* DIRECTIONS:
Without the pictures, give the records again exactly as they appear.

Text-to-region grounding data
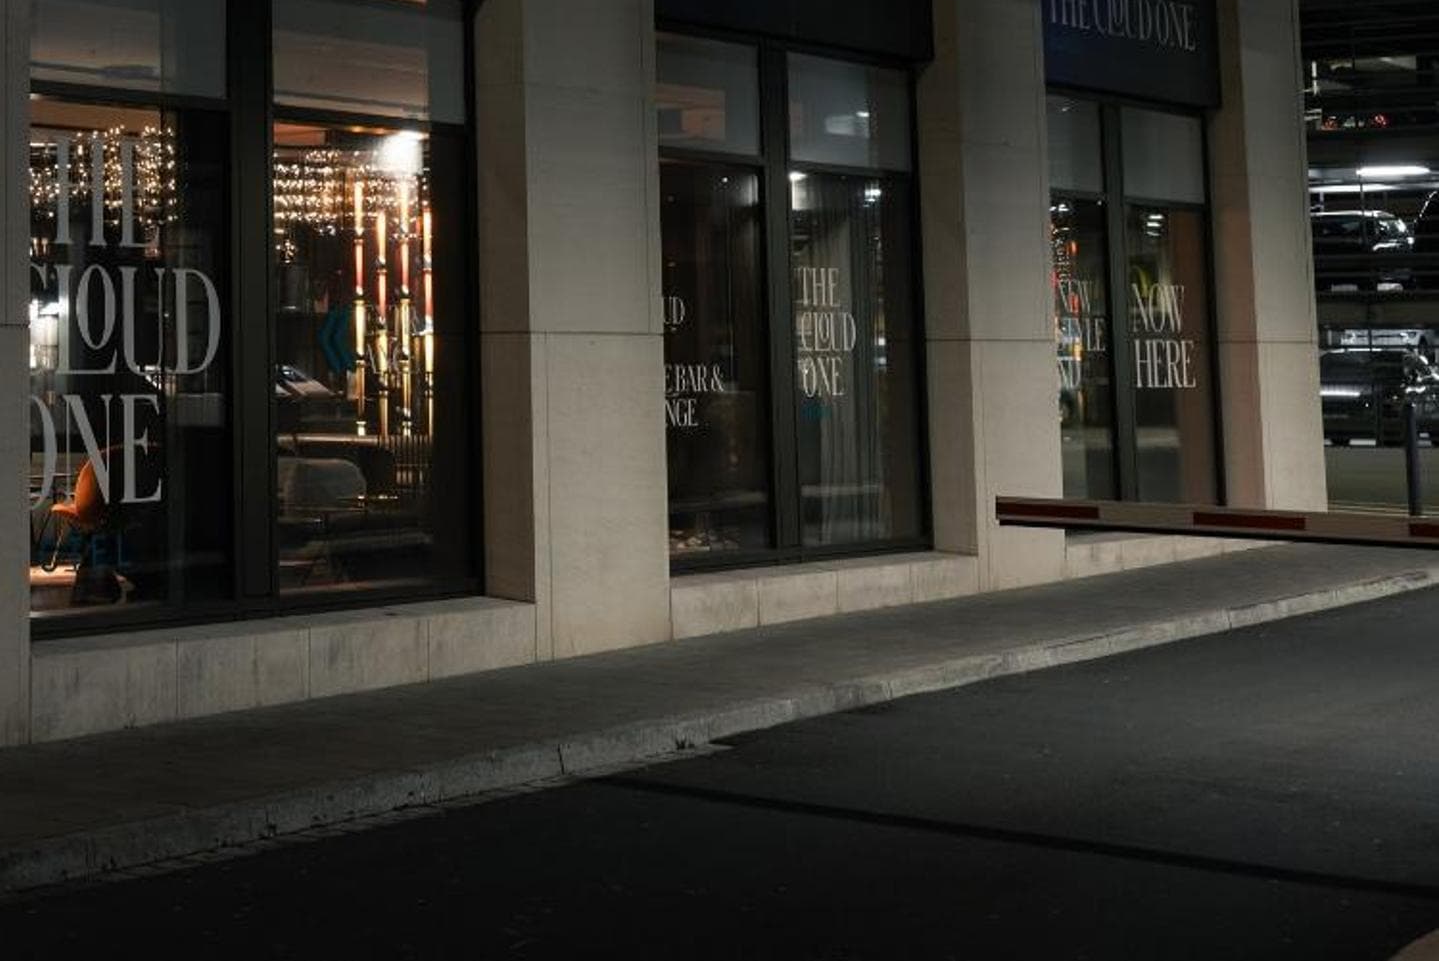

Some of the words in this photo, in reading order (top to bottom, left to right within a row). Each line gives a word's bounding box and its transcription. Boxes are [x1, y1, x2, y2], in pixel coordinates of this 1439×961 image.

[44, 138, 161, 247] THE
[798, 267, 841, 308] THE
[1132, 283, 1186, 333] NOW
[801, 311, 857, 352] CLOUD
[675, 363, 709, 392] BAR
[710, 362, 724, 392] &
[803, 357, 845, 398] ONE
[1134, 339, 1197, 389] HERE
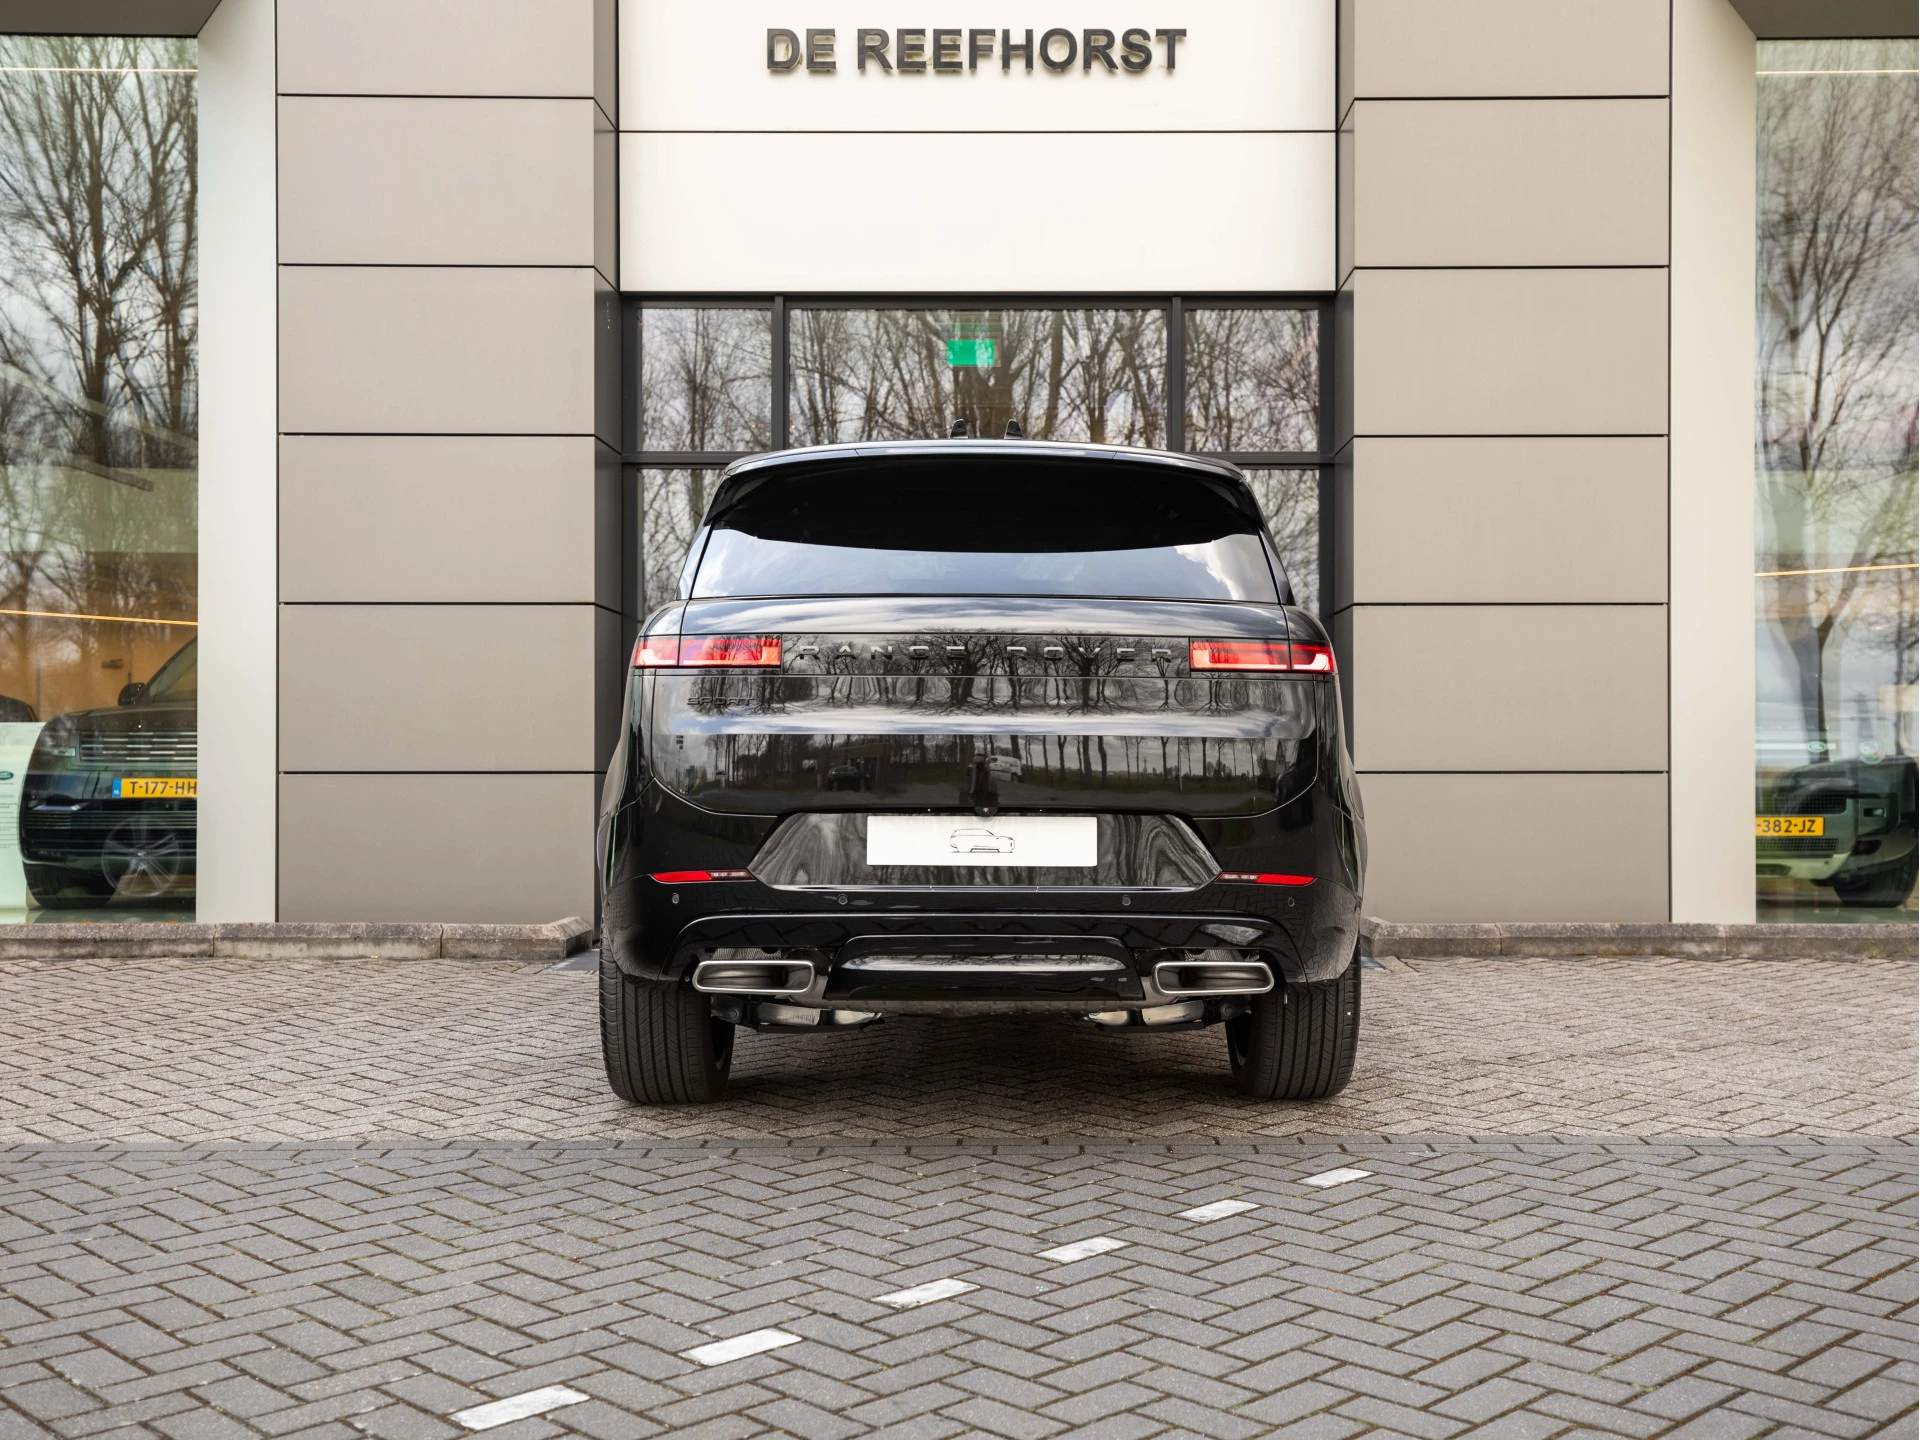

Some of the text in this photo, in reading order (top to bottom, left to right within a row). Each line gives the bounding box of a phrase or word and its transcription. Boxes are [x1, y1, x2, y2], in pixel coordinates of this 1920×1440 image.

[766, 28, 1188, 72] DE REEFHORST
[799, 645, 1172, 663] RANGE ROVER
[687, 696, 755, 706] SPORT
[129, 781, 197, 795] T-177-HH

* RESULT BELOW:
Some of the words in this photo, in reading order (top to bottom, left to right within a row). Each line gives a word's bounding box and its transcription. Boxes are [x1, y1, x2, y2], in pixel coordinates of this 1439×961 image.

[44, 138, 161, 247] THE
[798, 267, 841, 308] THE
[1132, 283, 1186, 333] NOW
[801, 311, 857, 352] CLOUD
[675, 363, 709, 392] BAR
[710, 362, 724, 392] &
[803, 357, 845, 398] ONE
[1134, 339, 1197, 389] HERE

Some of the text in this photo, in reading order (top to bottom, left to right within a row). Each line gives the bounding box of a phrase or word and its transcription. Boxes are [x1, y1, x2, y2], in pixel coordinates of this 1920×1440 image.

[766, 28, 1188, 72] DE REEFHORST
[799, 645, 1172, 663] RANGE ROVER
[687, 696, 755, 706] SPORT
[129, 781, 197, 795] T-177-HH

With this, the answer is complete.